Note: The number of days specified in the SSH key rotation and SSL certificate expiry notification policy will be applied to the dashboard settings also.

To set/modify audit notification settings:

  1. Navigate to the Settings >> Notification >> Audit tab in Key Manager Plus web interface.
  2. You can customize the alert notifications to be received for different types of operations performed in Key Manager Plus.
  3. Choose the type of notification to be received by enabling the check-boxes beside each operation.
  4. For SNMP and Syslog notifications, make sure you have already configured the server details under Settings >> General Settings >> SNMP / SysLog settings.
  5. For email notifications, you can either choose to notify all the administrator users or just a specific set of email IDs by enabling the respective check boxes.
  6. Once you have specified the choices, click Save.

16. Integration with CMDB

Click here to learn more about CMDB integration.


17. Domain Expiration

Key Manager Plus has an in-built WHOIS look up tool that helps administrators query and obtain information about any registered domain name such as ownership details, date of registration & expiration, IP address history and more.
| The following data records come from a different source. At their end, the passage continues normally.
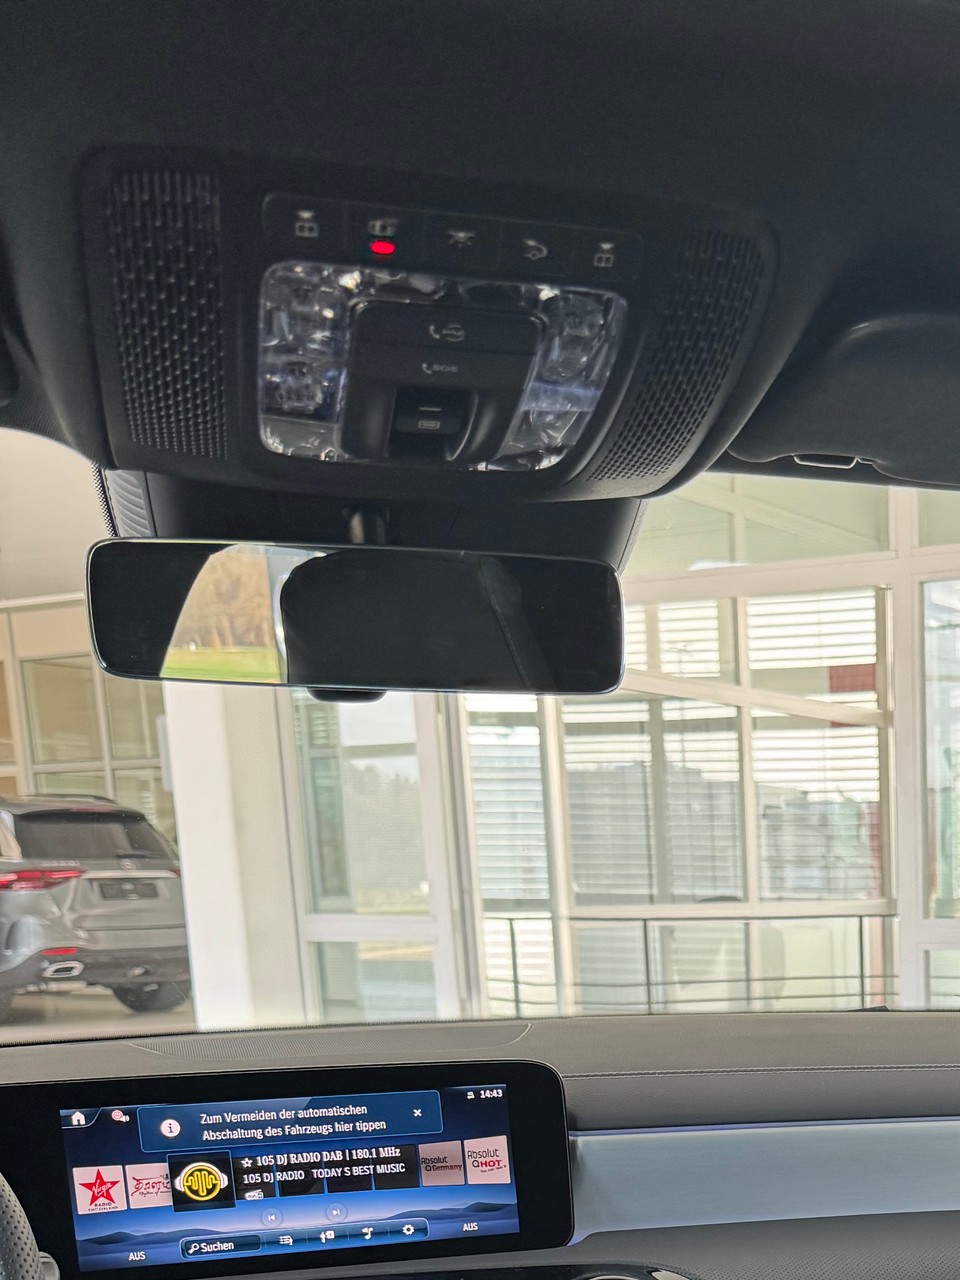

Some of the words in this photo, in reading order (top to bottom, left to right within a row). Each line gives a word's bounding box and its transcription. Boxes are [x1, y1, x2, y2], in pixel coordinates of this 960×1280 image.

[480, 1089, 503, 1099] 14:43
[200, 1113, 222, 1125] Zum
[225, 1110, 277, 1123] Vermeiden
[279, 1109, 295, 1120] der
[297, 1105, 368, 1118] automatischen
[203, 1127, 264, 1142] Abschaltung
[266, 1125, 283, 1137] des
[285, 1122, 333, 1136] Fahrzeugs
[335, 1121, 353, 1133] hier
[356, 1120, 387, 1133] tippen
[256, 1155, 275, 1167] 105
[276, 1154, 288, 1166] DJ
[290, 1152, 321, 1164] RADIO
[323, 1150, 343, 1162] DAB
[351, 1147, 378, 1160] 180.1
[379, 1146, 401, 1158] MHz
[467, 1148, 500, 1160] Absolut
[421, 1155, 448, 1165] Absolut
[480, 1159, 502, 1168] HOT
[243, 1173, 261, 1185] 105
[263, 1172, 275, 1184] DJ
[276, 1169, 305, 1182] RADIO
[312, 1167, 342, 1179] TODAY
[344, 1166, 351, 1177] S
[352, 1164, 374, 1176] BEST
[376, 1162, 406, 1175] MUSIC
[432, 1164, 463, 1172] Germany
[463, 1222, 479, 1232] AUS
[201, 1240, 235, 1253] Suchen
[128, 1251, 146, 1261] AUS
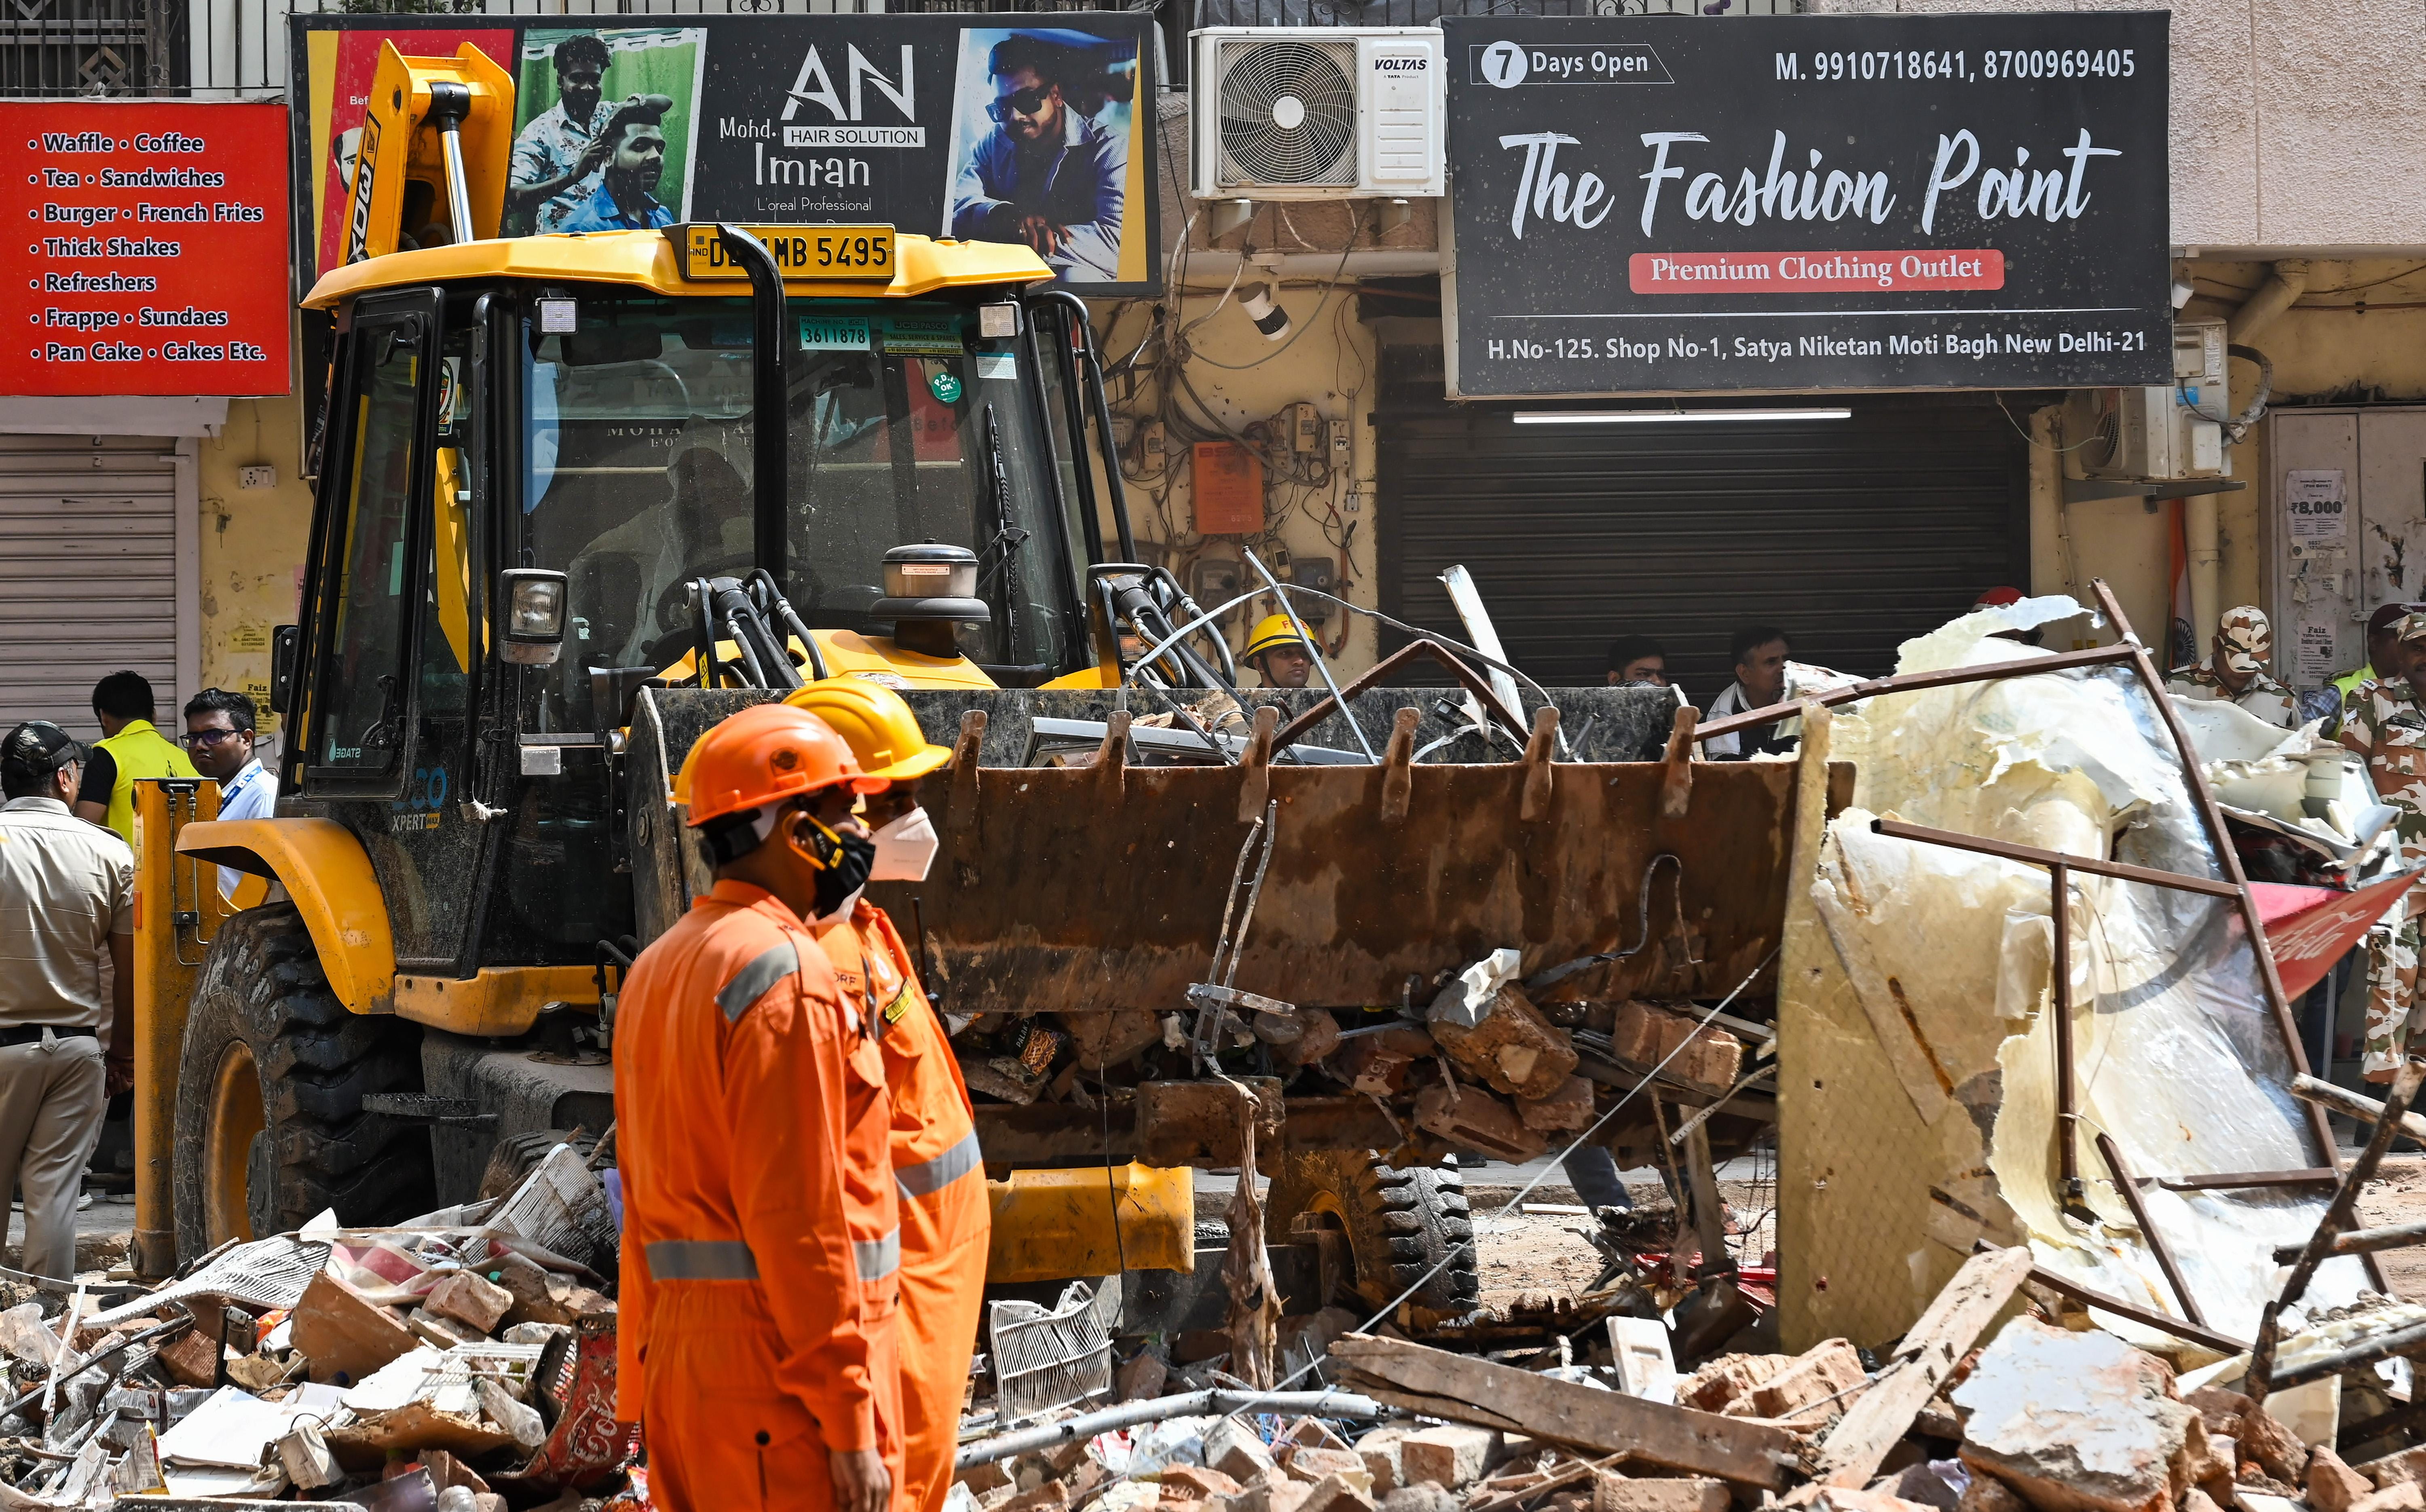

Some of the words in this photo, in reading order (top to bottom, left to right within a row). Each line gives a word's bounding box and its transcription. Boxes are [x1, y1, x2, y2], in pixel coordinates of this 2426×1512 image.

[1375, 59, 1427, 70] VOLTAS
[1496, 50, 1512, 79] 7
[1533, 52, 1583, 78] Days
[1591, 51, 1647, 77] Open
[1776, 53, 1805, 80] M.
[1815, 51, 1974, 82] 9910718641,
[1985, 50, 2134, 78] 8700969405
[781, 43, 914, 123] AN
[350, 96, 369, 106] Bef
[721, 117, 776, 138] Mohd.
[792, 130, 830, 142] HAIR
[835, 130, 917, 143] SOLUTION
[44, 134, 112, 151] Waffle
[135, 134, 203, 151] Coffee
[756, 142, 869, 187] Imran
[44, 170, 78, 186] Tea
[102, 169, 222, 186] Sandwiches
[1499, 131, 1615, 240] The
[1639, 129, 1896, 237] Fashion
[1922, 128, 2122, 235] Point
[758, 197, 796, 211] L'oreal
[801, 196, 871, 211] Professional
[46, 205, 116, 226] Burger
[139, 203, 206, 220] French
[216, 204, 262, 221] Fries
[45, 239, 101, 256] Thick
[108, 238, 178, 255] Shakes
[693, 248, 708, 256] IND
[817, 237, 887, 266] 5495
[1651, 258, 1771, 280] Premium
[1779, 256, 1892, 286] Clothing
[1901, 255, 1982, 277] Outlet
[47, 273, 154, 291] Refreshers
[47, 309, 117, 330] Frappe
[141, 308, 226, 325] Sundaes
[804, 328, 866, 344] 3611878
[48, 344, 84, 360] Pan
[92, 342, 141, 360] Cake
[164, 342, 222, 359] Cakes
[230, 343, 264, 359] Etc.
[1489, 339, 1599, 359] H.No-125.
[1606, 338, 1660, 363] Shop
[1668, 338, 1726, 360] No-1,
[1735, 338, 1791, 362] Satya
[1800, 336, 1881, 356] Niketan
[1890, 334, 1938, 354] Moti
[1946, 334, 1997, 359] Bagh
[2006, 334, 2051, 353] New
[2059, 332, 2143, 352] Delhi-21
[940, 383, 953, 391] OK
[2290, 501, 2342, 515] ₹8,000
[391, 813, 426, 832] XPERT
[1016, 1024, 1028, 1048] PALAK
To access the WHOIS look up tool,

  1. Navigate to Settings >> Domain Expiration.
  2. In the window that opens, enter the domain name for which you want to obtain the details (in terms of a top-level domain or sub domain of a top-level domain).
  3. Click Get Details. The details about the domain are displayed in the dialog box that opens below.

Note: Before performing the lookup, ensure that port 43 is open in your environment without which connection to WHOIS servers would fail.

18. Additional Fields

Click here to learn more about additional fields.


19. Apply License File

When you purchase Key Manager Plus, you will get a product license key. You can apply the license key by following the steps below:

  1. On the top right hand corner of the GUI, you will find your account information. Click that.
  2. Select the License option.
  3. Click the Update License button in the License Details pop-up window.

Upload the license file supplied to you by Key Manager Plus.